With this tool you can check the focus or start an autofocus run. It can be used with motorized focuser or manual focuser.
If the autofocus mode is set to Planet all the reference to HFD are replaced by Sharpness but the tool work the same.
When focusing on a star, make first a preview exposure and double click on a non saturated star you want to use for focusing.
The top curve is a cross-section of the star image. Try to make it as narrow as possible.
Below the previous relative HFD measurement in red and the intensity in green.
The HFD (Half Flux Diameter) unit is pixels.
The FWHM (Full Width at Half Maximum) units are pixels and arc-seconds.
Optimum focus is reached when Sharpness or HFD / FWHM are at minimum value.

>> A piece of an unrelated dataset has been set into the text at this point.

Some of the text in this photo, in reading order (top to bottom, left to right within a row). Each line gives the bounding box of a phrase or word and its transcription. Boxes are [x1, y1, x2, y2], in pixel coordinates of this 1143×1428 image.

The star peak intensity should not be saturated. And the Signal/Noise ratio must be high enough.
When the autofocus is running it show a plot of the HFD or Sharpness versus the focuser position. The aspect of the plot depend on the selected focusing method. For dynamic focus the pink curve is the resulting hyperbola fit.

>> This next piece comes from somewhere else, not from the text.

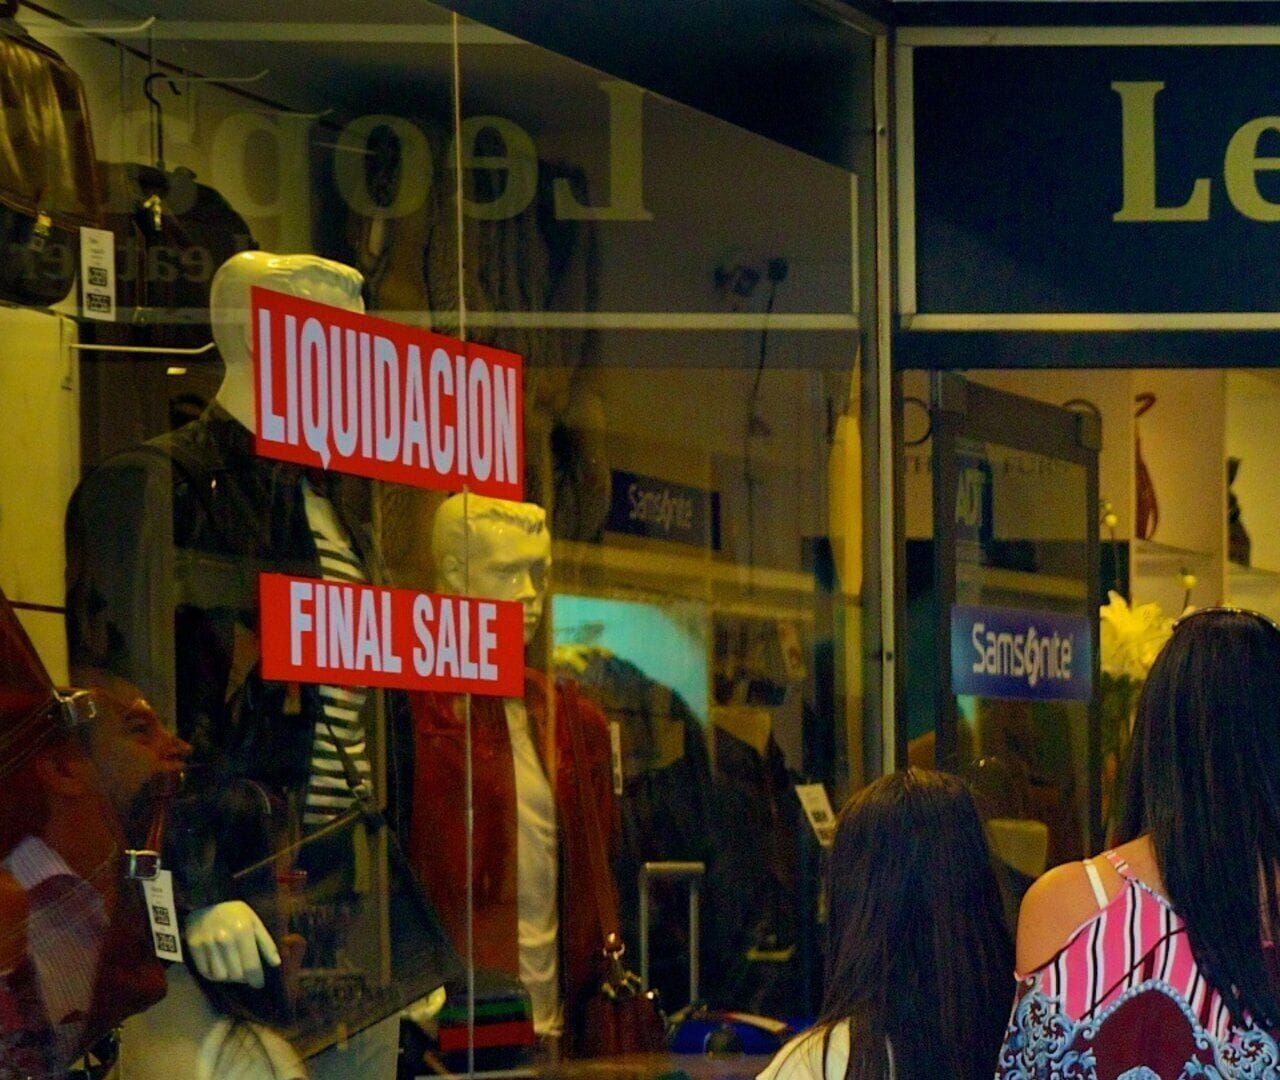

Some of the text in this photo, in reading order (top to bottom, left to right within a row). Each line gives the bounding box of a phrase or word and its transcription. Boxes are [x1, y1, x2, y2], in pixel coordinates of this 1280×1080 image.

If you move the mouse over the graph it display the values of the focuser position and HFD.
You can click the button to open the graph in a separate window and not close the graph when the auto-focus is completed to let you more time for examination. Click the button again to close the graph.
Click Image inspection to measure the median hfd value, sensor tilt and curvature.
The routine will detect and annotate the stars with their HFD value and plot a tilt and Off-axis aberration (curvature) indicator in the image.
In the log the following will be reported:
Image median hfd which is an excellent indicator of the quality of focusing. The lower the value the better the focusing, the sharper the stars are. The value is also depending on the astronomical seeing and the quality of the optics.
Sensor tilt as the HFD difference between the best and worst corner median values. In addition as a graphical indication it draws a trapezium in the image based on the four median values.
There can be some variation in images of the same series, so a tilt of a few tenths looks normal but anything more indicates a camera mounting problem.
Off-axis aberration as the HFD difference between the center and the corners of the image. This is an help to adjust the optimal distance between the field flattener and the camera. But be careful to first remove tilt and get a precise focus at the image center, otherwise this value is meaningless.